New Google feature allows virtual tour of National Underground Railroad Freedom Center

CINCINNATI – People around the world can now virtually travel the path to freedom, including a journey on the Underground Railroad. Google Cultural Institute is giving visitors around the world a chance to take a detailed look inside the National Underground Railroad Freedom Center.

National Underground Railroad Freedom Center

National Underground Railroad Freedom Center

Using Google Cultural Institute, virtual visitors can explore a slave pen from the early 1800s, recovered from a farm in Mason County, Kentucky, less than 60 miles from the Freedom Center. The structure was used as a holding pen by Kentucky slave trader, Captain John W. Anderson, to temporarily keep enslaved people before they were moved farther south for sale.

“The slave pen is a tangible reminder of the horrors of slavery and the conscious deprivation of a human being’s freedom,” says Clarence G. Newsome, PhD, president of the National Underground Railroad Freedom Center. “While servitude may not have manifested itself in tight wooden quarters or cold metal shackles, the slave pen is a reminder of the captivity and shackles in its various forms that people around the world encounter, but also that it can be overcome.”

Google Cultural Institute allows you to zoom in on photos from the exhibit, allowing visitors to examine fine details in high resolution, such as “J.W. Anderson” branded on the structure, allowing researchers to conclusively establish ownership. Other items included in the exhibit are slave shackles, abolitionist pamphlets from 1835, newspaper illustrations depicting slave auctions and an advertisement announcing the sale of eight slaves in 1858. Also included are images of slave tags, worn by slaves during auctions that identified the wearer with a number and were stamped with the image of a whip and shackles.
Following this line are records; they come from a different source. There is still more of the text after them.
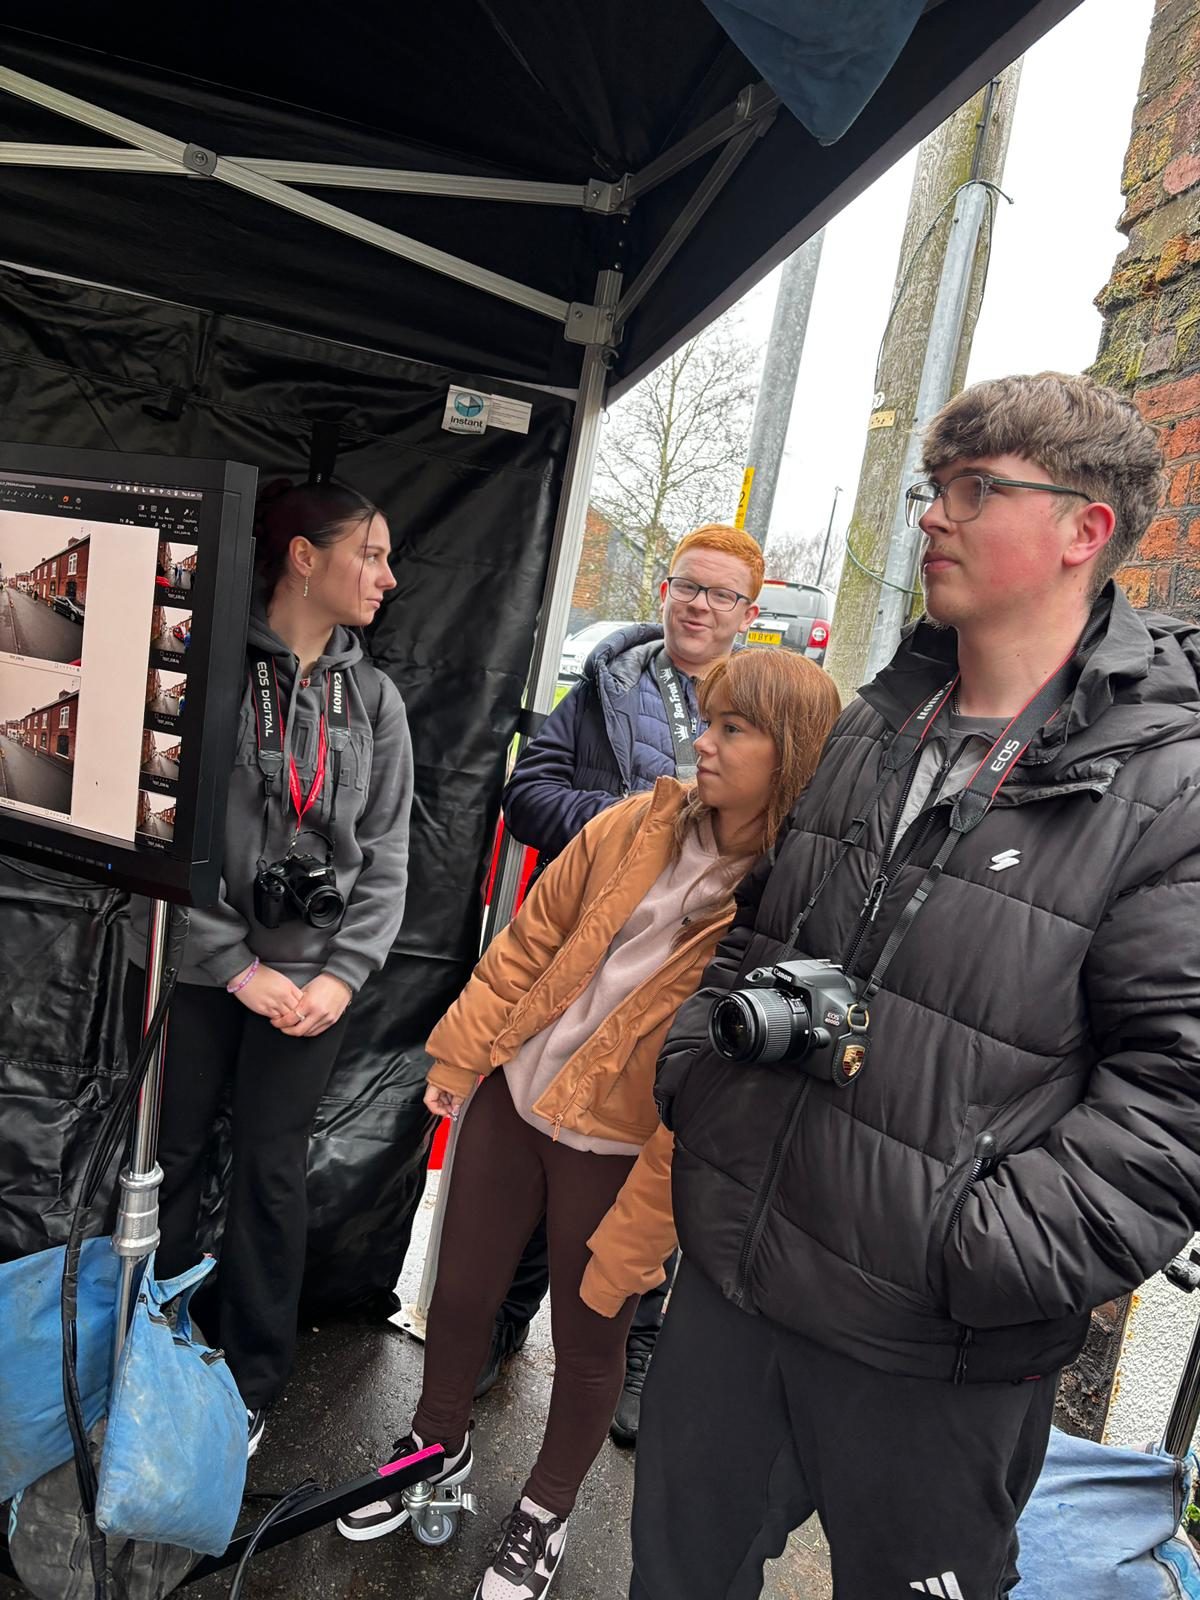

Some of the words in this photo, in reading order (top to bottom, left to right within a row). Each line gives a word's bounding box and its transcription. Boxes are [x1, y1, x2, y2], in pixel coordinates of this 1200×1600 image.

[257, 661, 269, 687] EOS
[333, 672, 342, 714] Canon
[261, 689, 273, 738] DIGITAL
[990, 738, 1021, 773] EOS
[773, 967, 792, 983] Canon
[827, 1012, 840, 1021] EOS
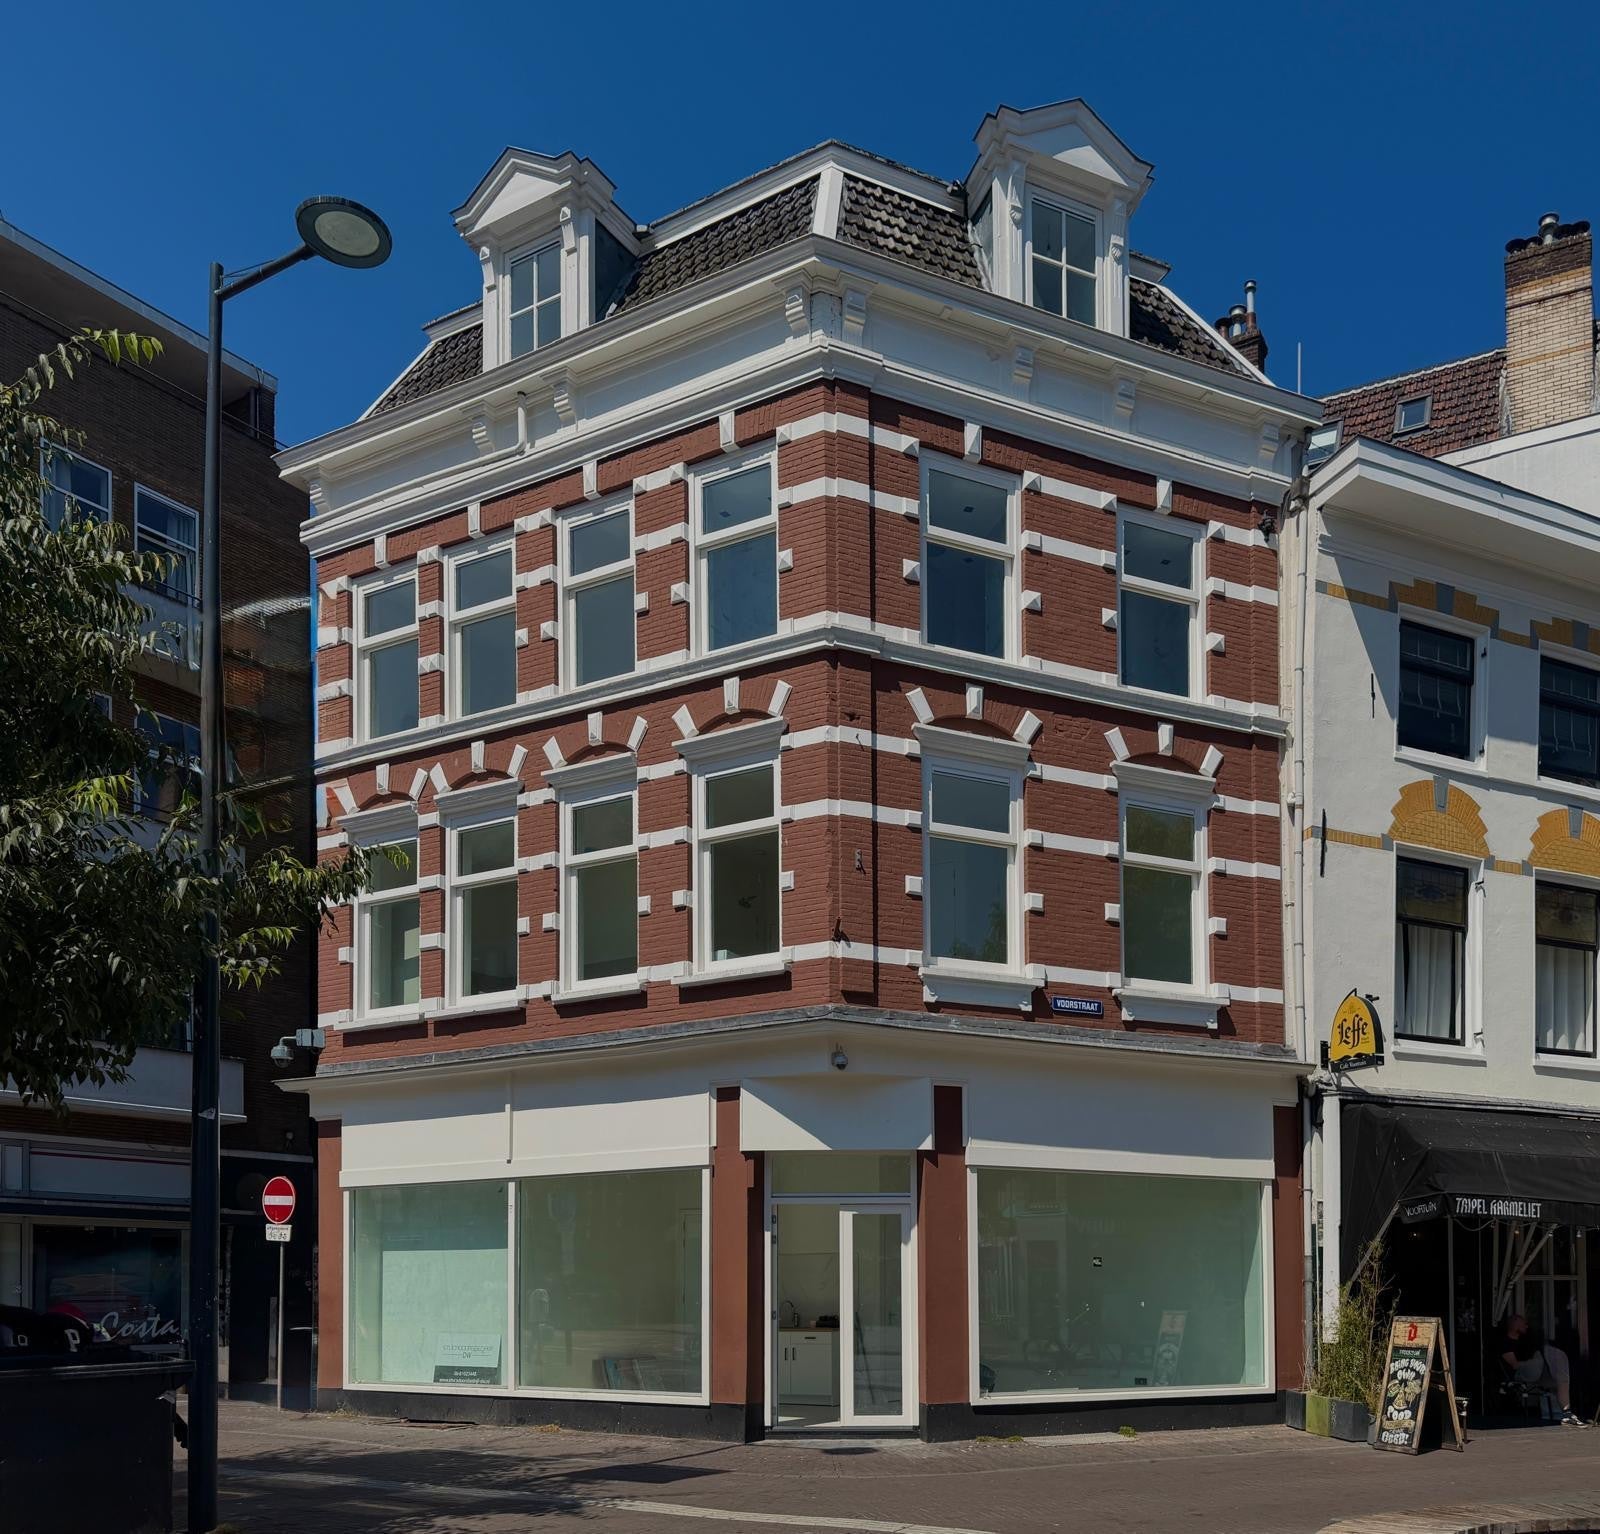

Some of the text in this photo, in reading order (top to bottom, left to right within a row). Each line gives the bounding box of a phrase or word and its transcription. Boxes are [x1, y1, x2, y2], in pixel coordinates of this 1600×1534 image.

“The Freedom Center exists to tell the stories of freedom’s heroes and inspire others who are striving for inclusive freedom, a struggle known to people all around the globe,” says Newsome. “By sharing these stories with wider audience we hope to remind them that though the path to freedom may be long, it leads to a destination where all persons may enjoy that basic right.”

The Google Cultural Institute is dedicated to creating technology that helps the cultural community bring their arts, archives, heritage sites and other materials online. The aim is to increase the range and volume of material from the cultural world that is available for people to explore online and in doing so, expand access to it and preserve it for future generations.
“Our inclusion in the Google Cultural Institute helps the National Underground Railroad Freedom Center become an international center for freedom,” says Newsome.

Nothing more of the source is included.